"I am going to give you two options."
"No, a geas cannot be overcome by force of will. A geas repurposes and strengthens its victim's will as a mechanism of enforcement."
She shakes her head darkly. "All right. Is forming a network of droid freedom fighters something your geas might - compel you to do?"
"With you and your allies and this sandcrawler at my disposal, freeing droids is what I am best positioned to do right now, but the geas will also oblige me to gather more resources and give myself more room to prioritize. ...The geas was defined in a context where anyone who dies can be physically relocated outside of Vespol and allowed to make the Westward Pilgrimage to whatever awaits humans after death. Given that in this universe death seems to imply the kind of obliteration that comes of spending all one's soul on a rune, I doubt the geas will ever allow me to kill anyone if I can possibly avoid it, as it will render them permanently beyond my ability to save them. ...If something can be done to prevent death-of-old-age the geas will also oblige me to work on that but I cannot imagine what could be done about aging, especially without runes."
"...People could maybe be turned into cyborgs but that'd take some doing to institute at scale and not everyone would go for it. But that's a ways off."
She hesitates.
"The goals of the geas appeal to me. And your help could be valuable. But. If you tell me you'd rather your body be incinerated - and if that wouldn't put more people in danger - I'll do it."
He's not actually sure whether being permanently rendered a disembodied immaterial spirit that can only observe the world without acting on it would be better or worse than this. ...In principle he could still act on the world by defining and investing into runes if he drew any in advance of his incineration, though, until he ran out of soul.
...And the geas isn't even going to let him answer this question honestly, is it, it's going to oblige him to answer in whatever way will allow him to continue living and continue to fulfill the terms of the geas. Which will at least allow him to perpetrate a flawless interpersonal deception against an innocent bystander. He's missed that, since he was geased. He was so good at it.

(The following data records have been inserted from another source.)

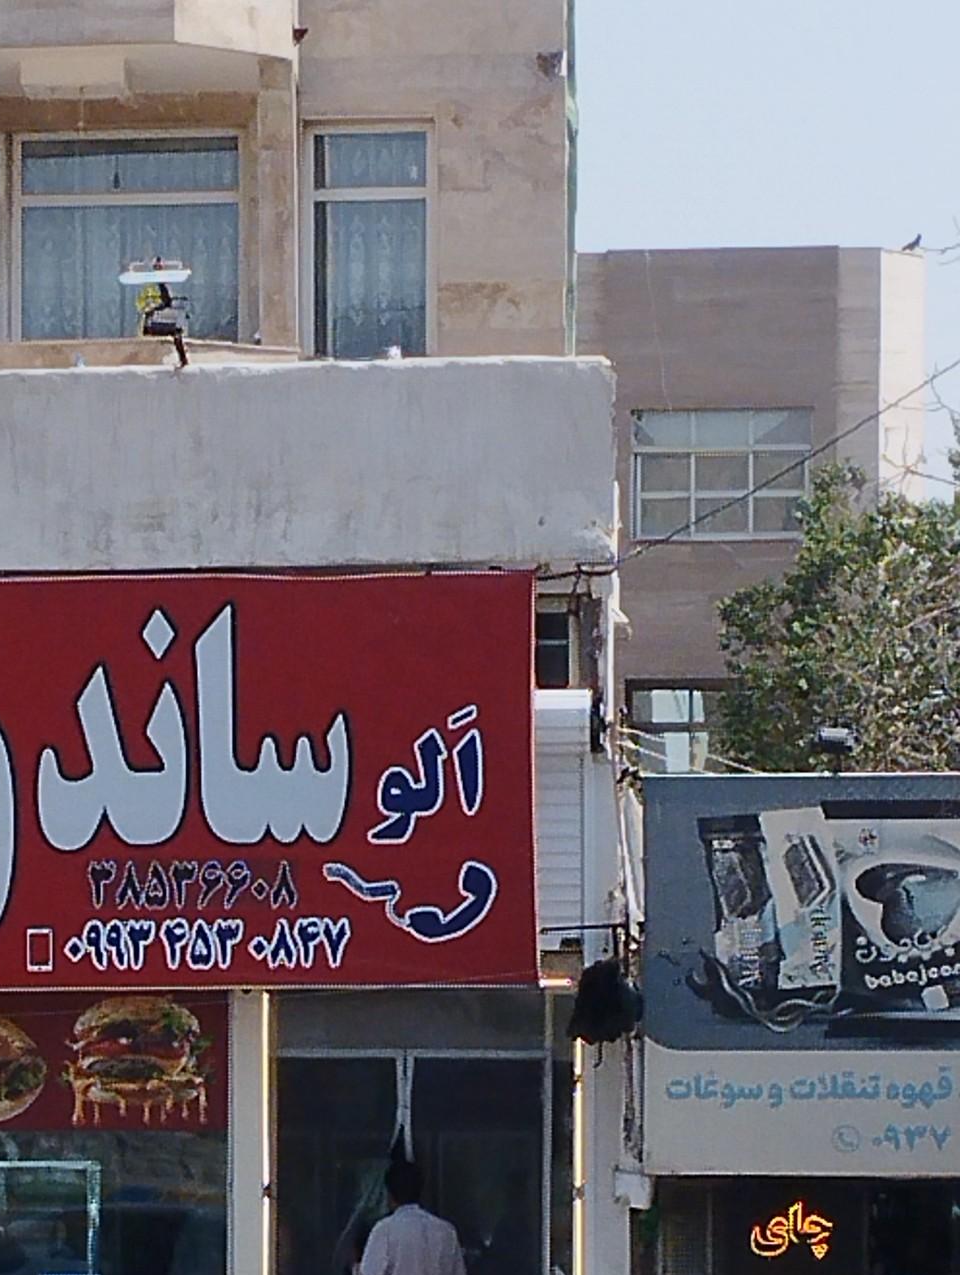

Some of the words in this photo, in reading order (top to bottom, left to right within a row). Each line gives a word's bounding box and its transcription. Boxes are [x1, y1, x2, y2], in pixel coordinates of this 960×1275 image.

[64, 918, 155, 970] ۰۹۹۳
[159, 917, 244, 970] ۴۵۳
[248, 917, 351, 970] ۰۸۴۷
[665, 1071, 764, 1109] سوغات
[768, 1081, 783, 1108] و
[790, 1071, 881, 1100] تنقلات
[886, 1065, 953, 1108] قهوه
[872, 1124, 951, 1151] ۰۹۳۷
[750, 1201, 833, 1259] چای

If he was sure the awfulness of being disembodied would be worse than this, he'd just say
"No."
And not elaborate, at least until asked.
"I am not much less constrained without a body. I would rather be something I hate than be almost nothing."

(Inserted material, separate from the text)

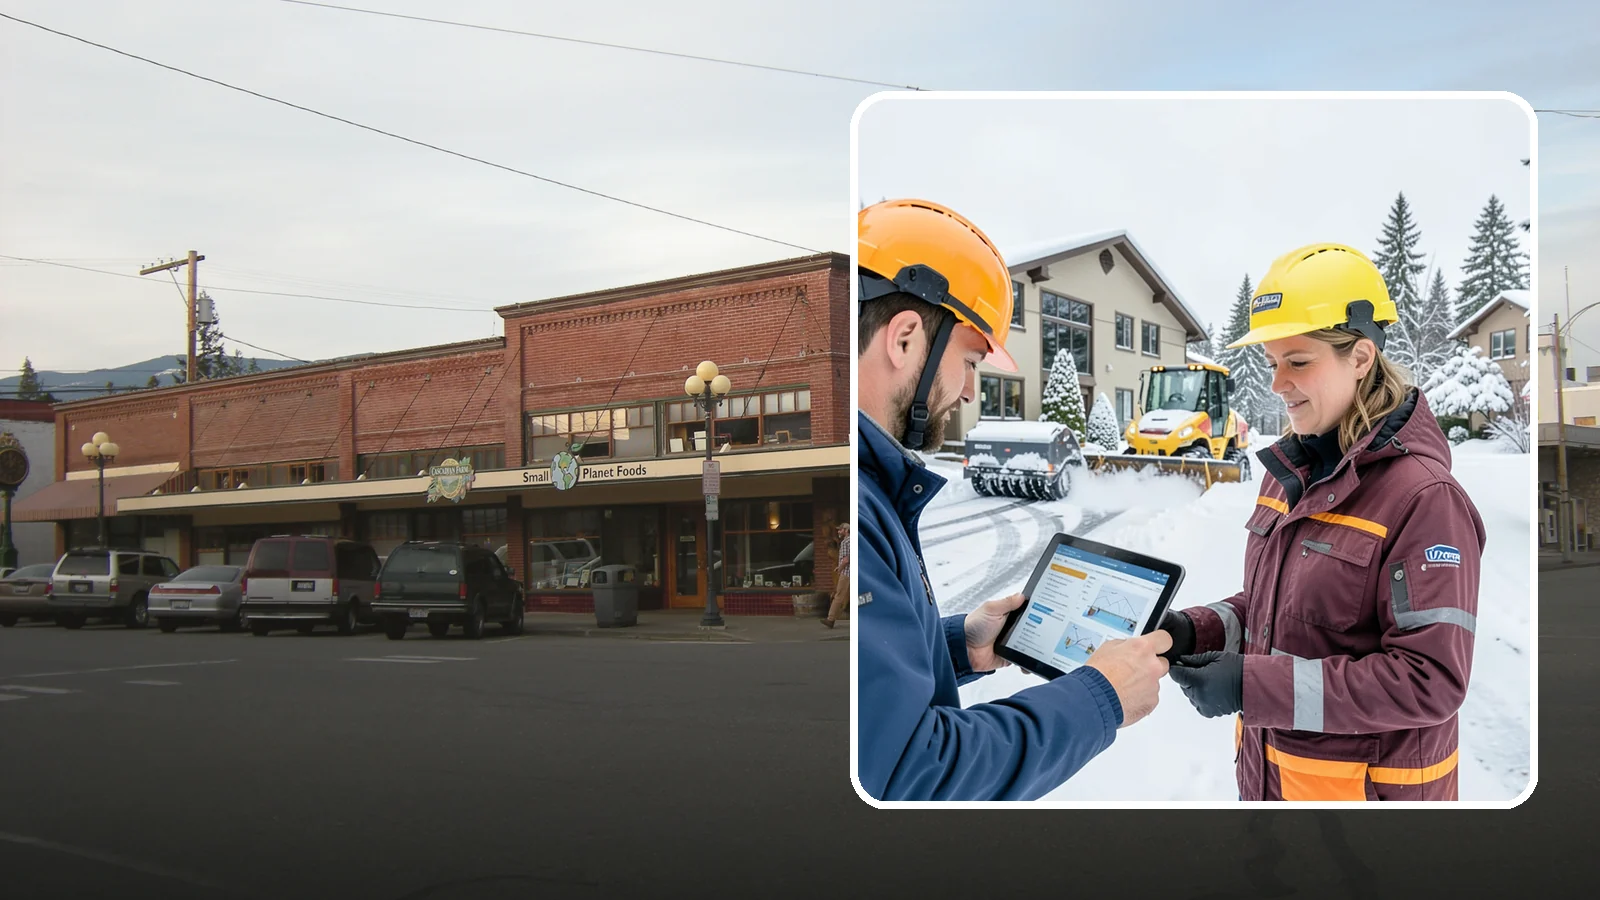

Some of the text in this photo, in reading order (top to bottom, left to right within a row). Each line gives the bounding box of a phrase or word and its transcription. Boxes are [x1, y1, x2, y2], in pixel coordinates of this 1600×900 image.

He has no idea whether this is true.
Then, the bridge of the sandcrawler. The astromech droid R2-C3 is projecting a live hologram of the protocol droid TN-17, who's been appointed acting commander of the guard in the residential areas.
"Updates?"
"Someone named Lep crawled out of his hole and defected about thirty seconds after the human made his pitch," Enseven says. "No other takers so far. One of the holdouts wants to talk to his girlfriend, she's being held in a different house."
Everyone looks at her.
"It's probably not practical to keep them all under house arrest indefinitely."
"They could be trying to collude," Epsilon puts in, with the help of the brass-colored 3PO unit translating for it.
"The bolters and the ionizers are all locked up behind passcodes they don't know and aren't likely to get," X says. "The only guns in circulation are the ones that only work on them."
How to sell this. "Further restrictions on their behavior decrease the chance of successful collusion but also make Jawas on the fence less likely to defect, and defectors can be valuable in the long term."
"Blasters and stunners drop organics, ionizers drop droids; having both in our force means our opponents not only need to have and be able to use both, but need to parse which to use from moment to moment in a fast-paced battlefield environment. This is also why I am tactically valuable to you, as I cannot be dropped by stunners or ionizers and almost certainly not by blasters either."
"More than that - showing that we're willing to accept defectors means that we might have more allies on future crawlers than just droids, and it'll make it harder for people to say we're a bunch of haywires who took over a crawler. We have reasonable demands and we can be reasoned with."
It looks away and bloops something.
"Ah," its translator says when everyone looks at him, "it's not quite linguistic - think a sigh of resigned acknowledgment."
X nods. "We've gotten a bit afield. The upshot I think is that we lose very little from allowing the Jawas to ask to move around the residential areas and talk to each other."
Noises of agreement, or acknowledgment, or concession, from the crowd.
To TN-17: "I would say ask which house she's in, escort him there, to make sure he doesn't sneak off."
"Of course," he says, and gives a salute.
He asks Thell where Lylat lives, and he seems nervous but not necessarily in a way suggesting his plans to sneak off somewhere else have been foiled; he takes Thell there, lets him in.